→ What you are asked to do: Exclude all images and print the entries below exactly.

(Data items)
--- START ---
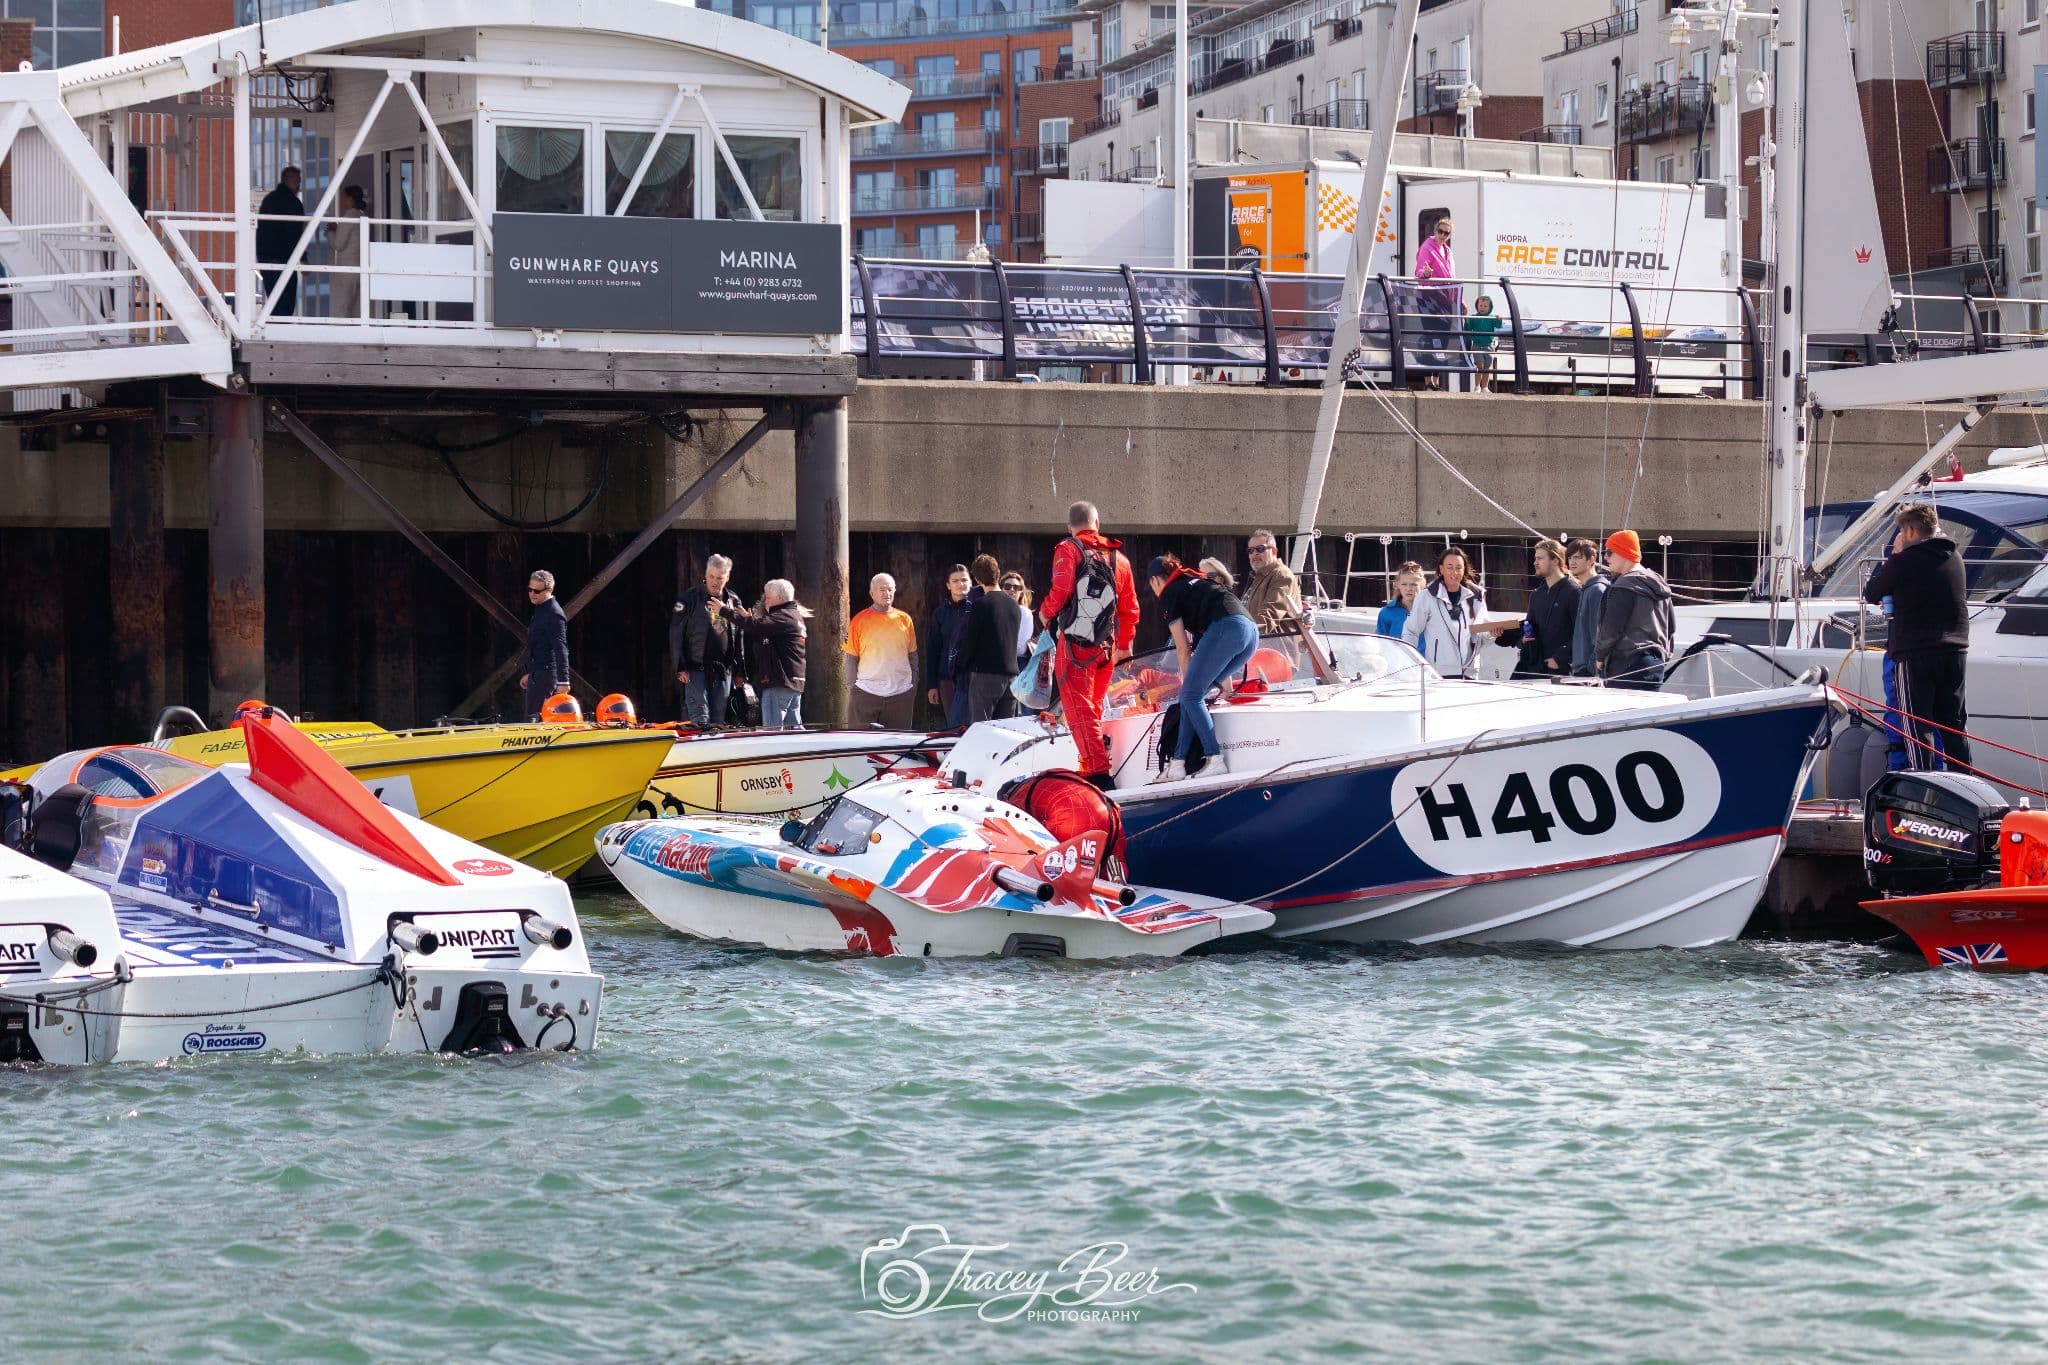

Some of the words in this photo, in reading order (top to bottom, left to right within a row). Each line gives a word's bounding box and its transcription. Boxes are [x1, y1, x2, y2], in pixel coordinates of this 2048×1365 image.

[1233, 206, 1266, 217] RACE
[1231, 216, 1266, 225] CONTROL
[1496, 234, 1528, 243] UKOPRA
[720, 250, 797, 269] MARINA
[1496, 244, 1559, 265] RACE
[1563, 248, 1670, 271] CONTROL
[509, 257, 602, 272] GUNWHARF
[607, 259, 659, 275] QUAYS
[714, 276, 722, 286] T:
[724, 277, 741, 286] +44
[743, 277, 756, 288] (0)
[758, 278, 780, 287] 9283
[781, 278, 803, 288] 6732
[1613, 271, 1655, 280] ssociation
[699, 290, 818, 301] www.gunwharf-quays.com
[201, 740, 248, 755] FABE
[501, 736, 552, 748] PHANTOM
[741, 776, 782, 792] ORNSBY
[1898, 819, 1971, 843] MERCURY
[1081, 838, 1097, 858] NG
--- END ---
→ Solution to this problem:
Some of the words in this photo, in reading order (top to bottom, left to right within a row). Each line gives a word's bounding box and its transcription. Boxes are [x1, y1, x2, y2], in pixel coordinates of this 2048×1365 image.

[1233, 206, 1266, 217] RACE
[1231, 216, 1266, 225] CONTROL
[1496, 234, 1528, 243] UKOPRA
[720, 250, 797, 269] MARINA
[1496, 244, 1559, 265] RACE
[1563, 248, 1670, 271] CONTROL
[509, 257, 602, 272] GUNWHARF
[607, 259, 659, 275] QUAYS
[714, 276, 722, 286] T:
[724, 277, 741, 286] +44
[743, 277, 756, 288] (0)
[758, 278, 780, 287] 9283
[781, 278, 803, 288] 6732
[1613, 271, 1655, 280] ssociation
[699, 290, 818, 301] www.gunwharf-quays.com
[201, 740, 248, 755] FABE
[501, 736, 552, 748] PHANTOM
[741, 776, 782, 792] ORNSBY
[1898, 819, 1971, 843] MERCURY
[1081, 838, 1097, 858] NG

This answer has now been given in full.